By DONG-PHUONG NGUYEN
© St. Petersburg Times,
published November 28, 2001

TAMPA -- Ten years ago, Gail Milligan fingered her ex-husband as the hit man in a coldblooded murder-for-hire plot, helping send him to death row.

On Tuesday, Milligan stood by her story that Michael Mordenti killed Thelma Royston in her Odessa horse barn in 1989, offering three hours of testimony on the last day of hearings before Hillsborough Circuit Judge Chet Tharpe.

Tharpe will decide whether Mordenti, now 60, should be given a new trial in a case that lacked any physical evidence against him.

Mordenti claims that he had inadequate representation, that then-prosecutor Karen Cox withheld evidence and that his ex-wife lied.

Mordenti's attorney, Martin McClain, tried to raise doubts about Milligan's credibility, painting a picture of her as a greedy and dishonest woman.

Milligan, now 52, does not deny she facilitated Royston's murder. Only she and the killer know who stabbed and shot Royston that June night in 1989.

Although she insists it was Mordenti, defense attorneys say they think it was her current husband, Michael Milligan.

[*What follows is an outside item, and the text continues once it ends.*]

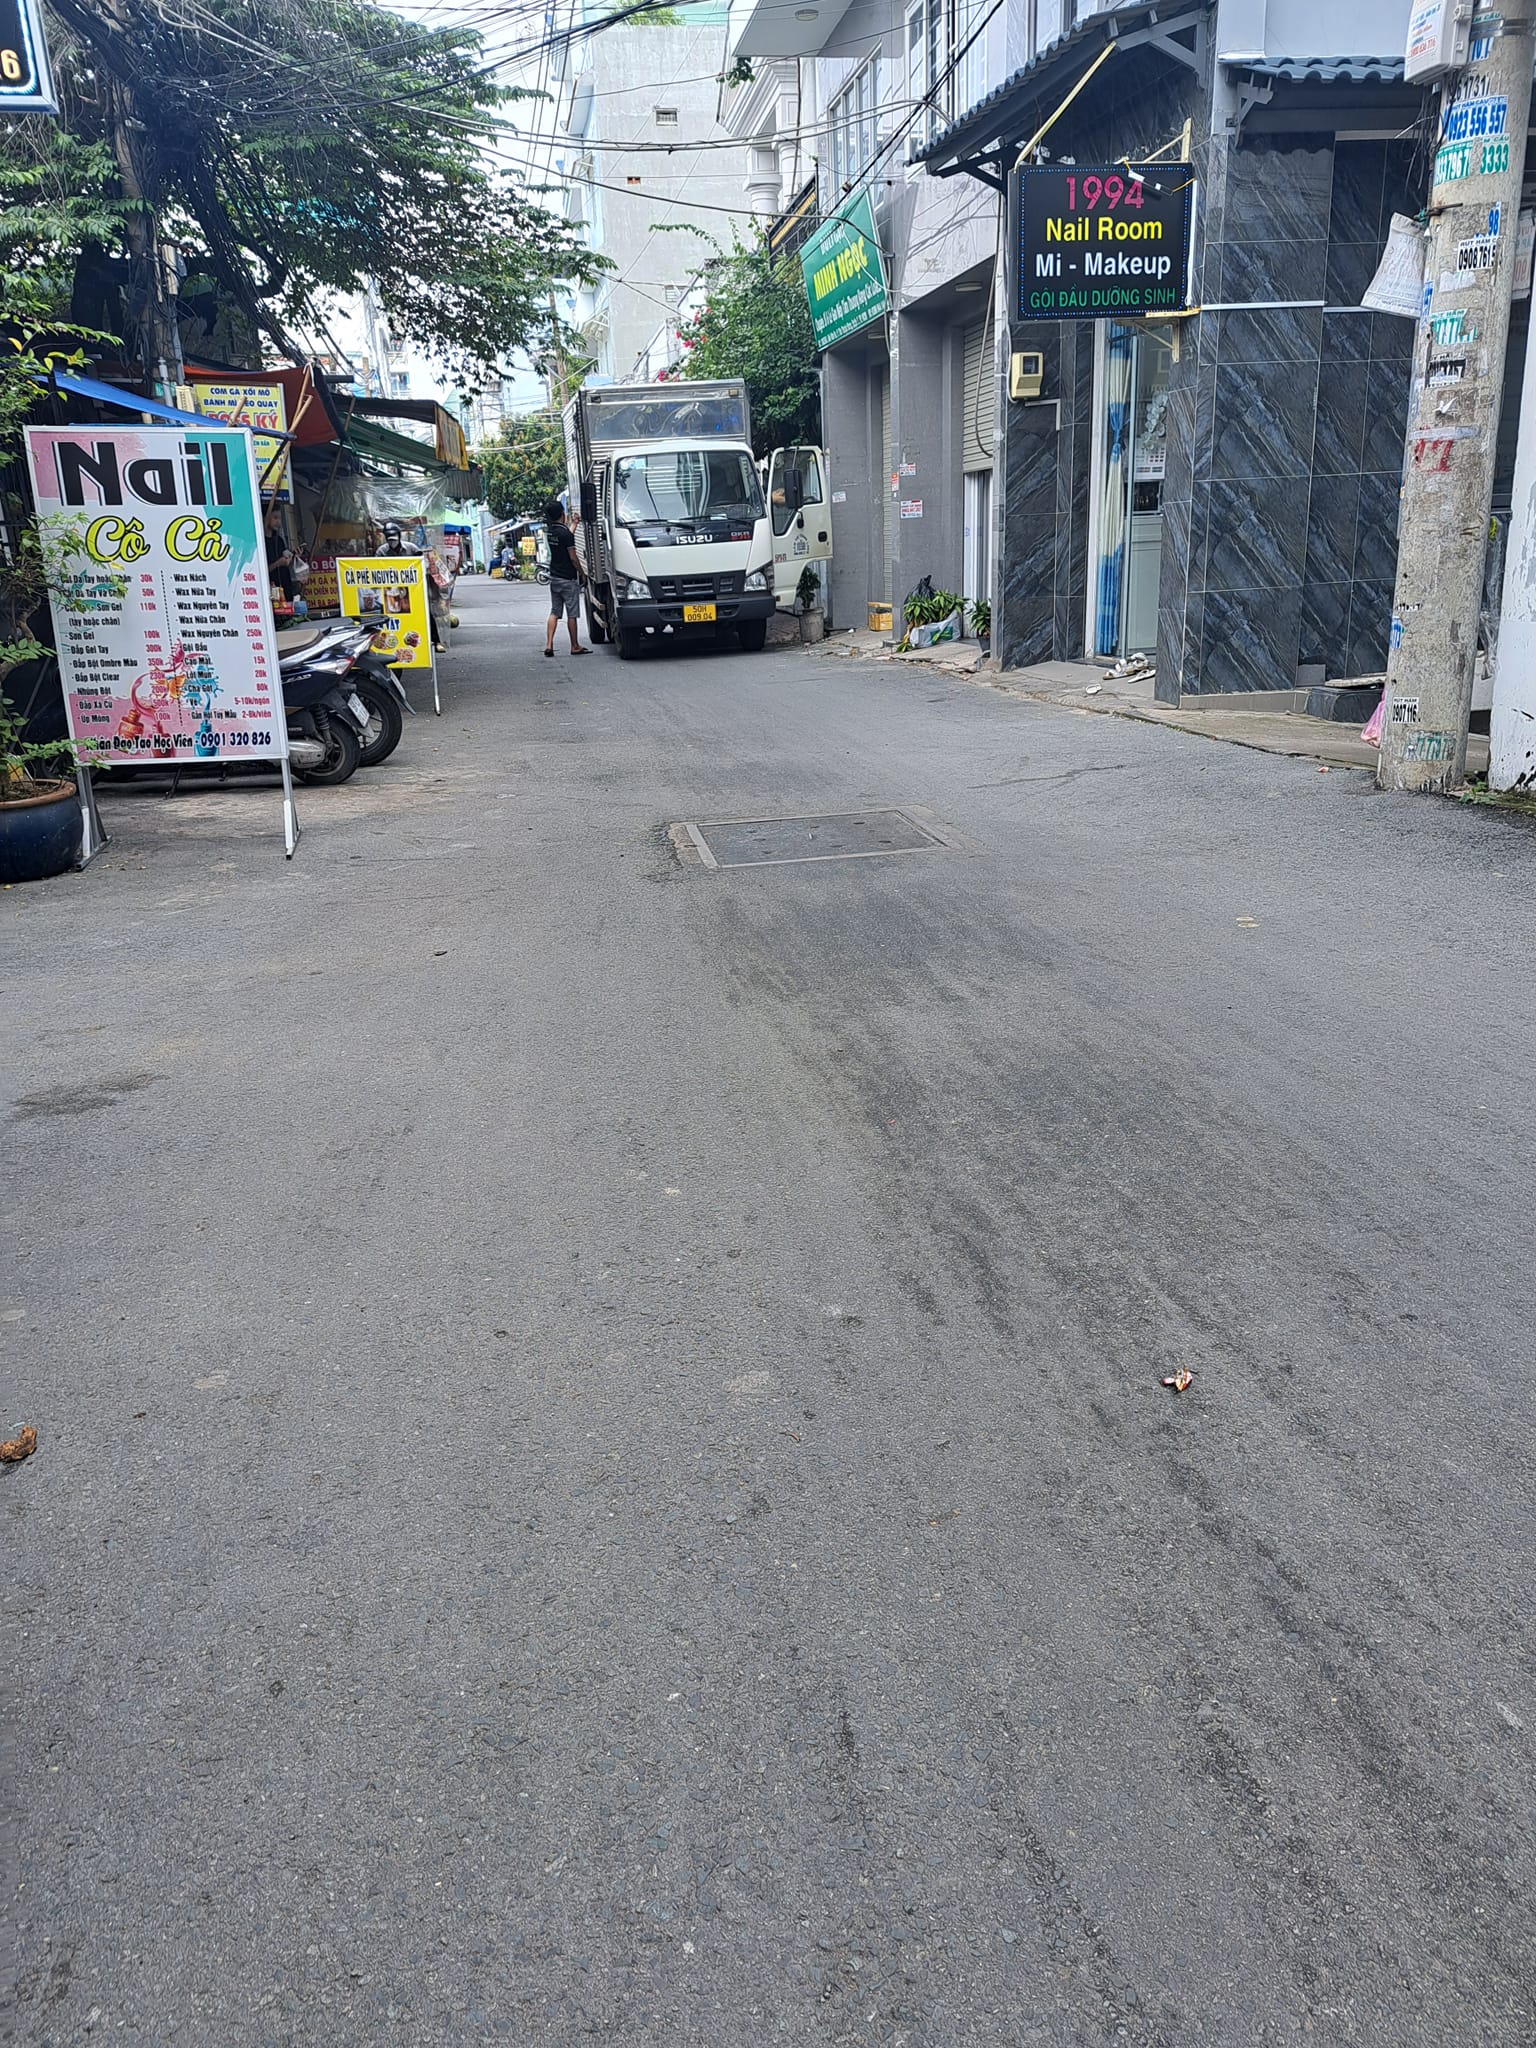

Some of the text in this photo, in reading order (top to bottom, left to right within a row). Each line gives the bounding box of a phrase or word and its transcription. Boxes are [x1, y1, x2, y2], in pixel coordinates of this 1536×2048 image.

Gail Milligan told the same story on Tuesday she did during the trial: that Thelma Royston's husband, Larry Royston, asked her to find someone to kill his wife, who was blackmailing him. Gail Milligan said she went to two people before Mordenti, a St. Petersburg used-car dealer, agreed to take the job. Larry Royston gave her $17,000 to pay Mordenti.

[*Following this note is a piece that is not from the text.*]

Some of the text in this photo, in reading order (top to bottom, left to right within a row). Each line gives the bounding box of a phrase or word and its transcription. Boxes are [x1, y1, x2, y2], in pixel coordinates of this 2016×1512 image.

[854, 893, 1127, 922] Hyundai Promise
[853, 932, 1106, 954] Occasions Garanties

McClain said that Jack Gartley, a former business associate of Gail Milligan's, testified that she never solicited his help in killing Thelma Royston. That is contrary to Gail Milligan's testimony.

Gartley also testified earlier in the day that he and a mistress double-dated with Milligan and Larry Royston and that he saw the couple hold hands and kiss.

Gail Milligan was granted immunity from prosecution provided she testify truthfully at Mordenti's trial. She has consistently denied ever having an affair with Royston, who committed suicide on the eve of his trial. She told McClain that Gartley lied.

She also says an ex-boyfriend and a sheriff's detective lied.

Milligan has since expressed remorse for her role in the plot and said Tuesday that she was wrong to have served as a go-between.

"It was bad judgment," she said on the stand. "I know it was bad judgment."

Both sides have until Jan. 4 to submit their written arguments.